Understanding the Concept:
Paper chromatography is a traditional planar separation technique where cellulose filter paper serves as the stationary support phase, holding a bound layer of water, while a liquid mobile phase ascends or descends the sheet via capillary action.
Step 1: Review the true advantages of Paper Chromatography
• Separation of ionic and polar compounds (Option A): The cellulose framework contains abundant hydroxyl (\(\text{-OH}\)) groups that tightly bind water molecules, creating a highly polar environment ideal for partitioning water-soluble polar species, amino acids, and ionic salts.
• Low cost and simplicity (Option C): The method requires only standard filter paper sheets and minimal development glassware, making it very economical.
• Small sample volumes (Option D): Samples are applied as micro-dots using simple capillary tubes, requiring only a few microliters of material.
Step 2: Identify the limitation (Option B)

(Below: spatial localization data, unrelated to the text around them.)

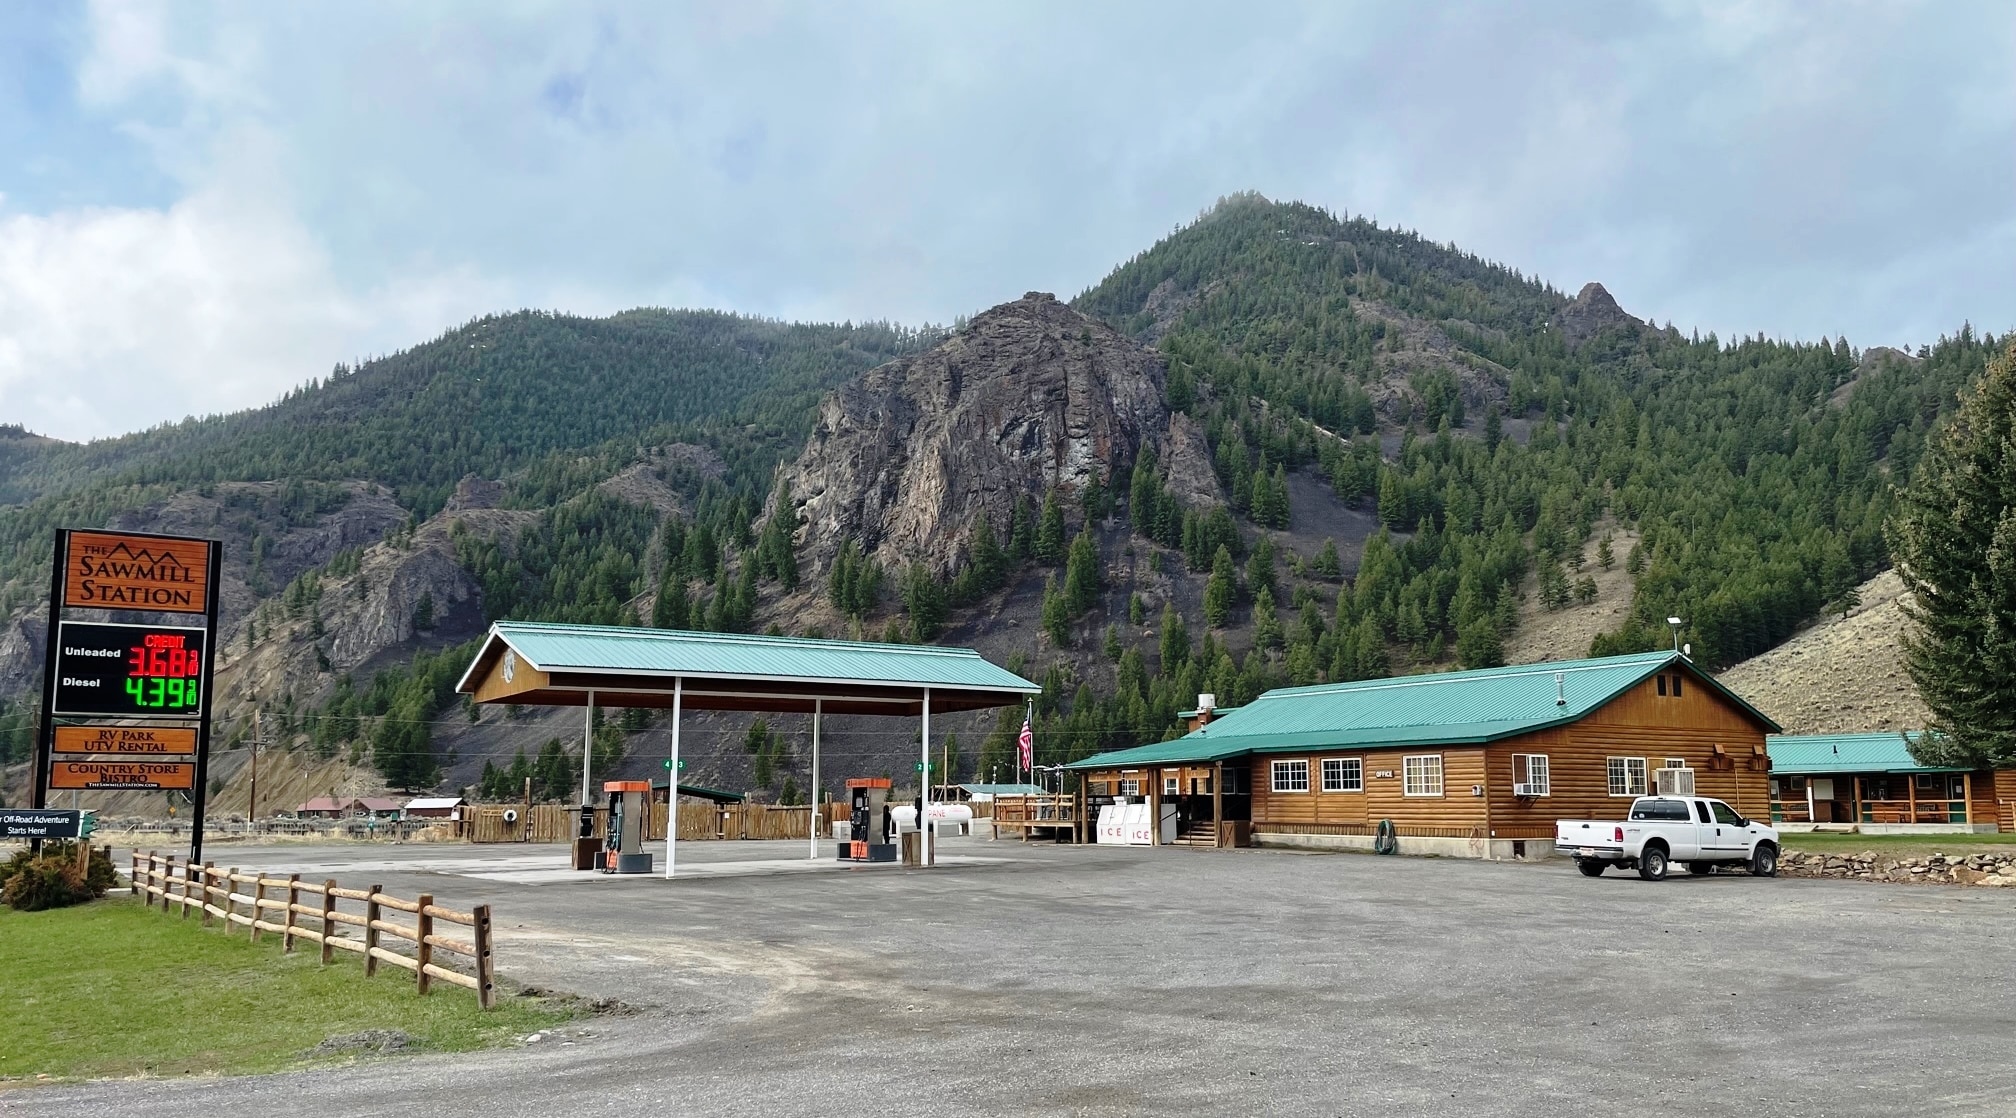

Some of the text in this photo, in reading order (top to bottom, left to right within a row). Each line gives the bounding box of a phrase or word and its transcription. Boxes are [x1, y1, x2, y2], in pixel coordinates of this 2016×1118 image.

[83, 545, 107, 555] THE
[80, 555, 195, 583] SAWMILL
[80, 579, 191, 606] STATION
[144, 634, 186, 648] CREDIT
[65, 647, 121, 658] Unleaded
[129, 647, 186, 677] 3.68
[63, 678, 100, 687] Diesel
[126, 677, 184, 707] 4.39
[100, 730, 155, 741] RV PARK
[84, 741, 168, 752] UTV RENTAL
[68, 763, 180, 774] COUNTRY STORE
[100, 773, 148, 783] BISTRO
[3, 815, 34, 824] Off-Road
[33, 815, 70, 824] Adventure
[7, 826, 47, 835] Starts Here!
[1100, 828, 1122, 837] ICE
[1132, 831, 1149, 840] ICE
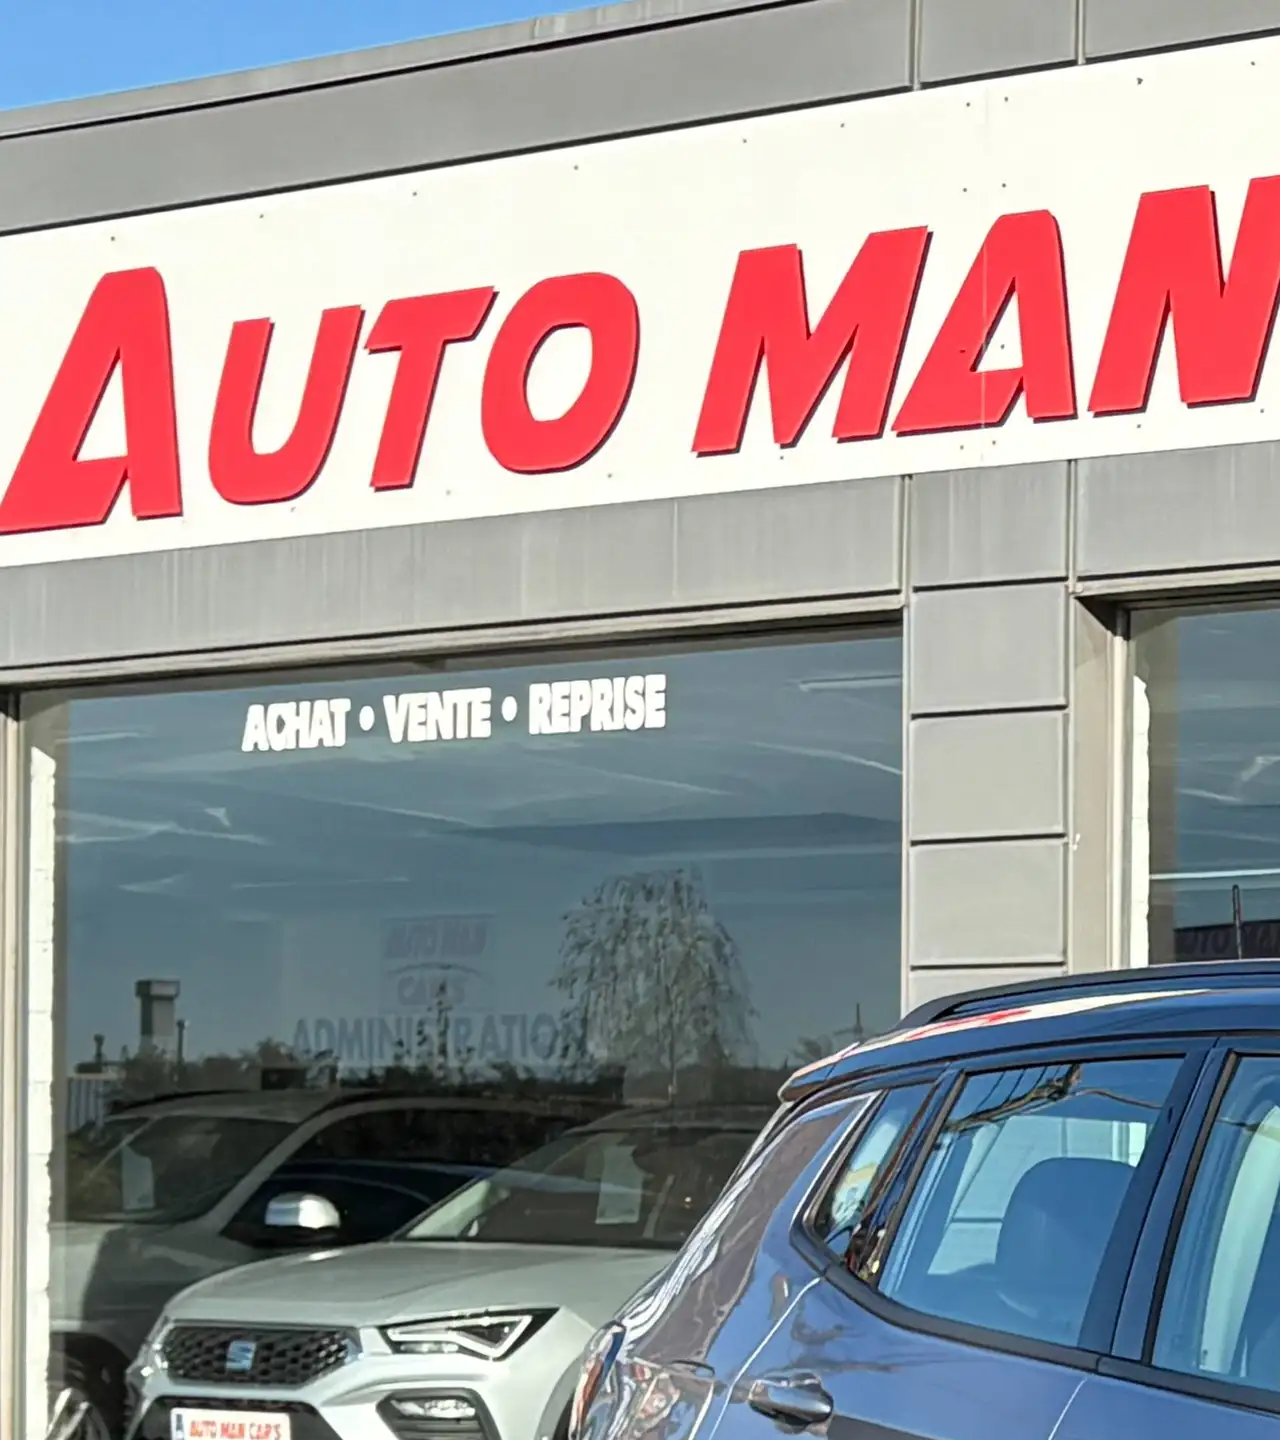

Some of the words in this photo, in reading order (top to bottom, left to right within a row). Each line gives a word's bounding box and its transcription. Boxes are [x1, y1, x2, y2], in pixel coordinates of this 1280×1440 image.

Paper chromatography suffers from significant structural limitations, notably poor separation efficiency for large, complex macromolecules (such as high-molecular-weight polymers or complex proteins). The cellulose fibers in paper are relatively large and irregular, leading to significant Eddy diffusion and slow mass transfer rates, which cause broad, smeared bands. For large biomolecules, modern high-efficiency techniques like HPLC, Gel Electrophoresis, or Size Exclusion Chromatography are required.
Therefore, high separation efficiency for large molecules is not an advantage of this method.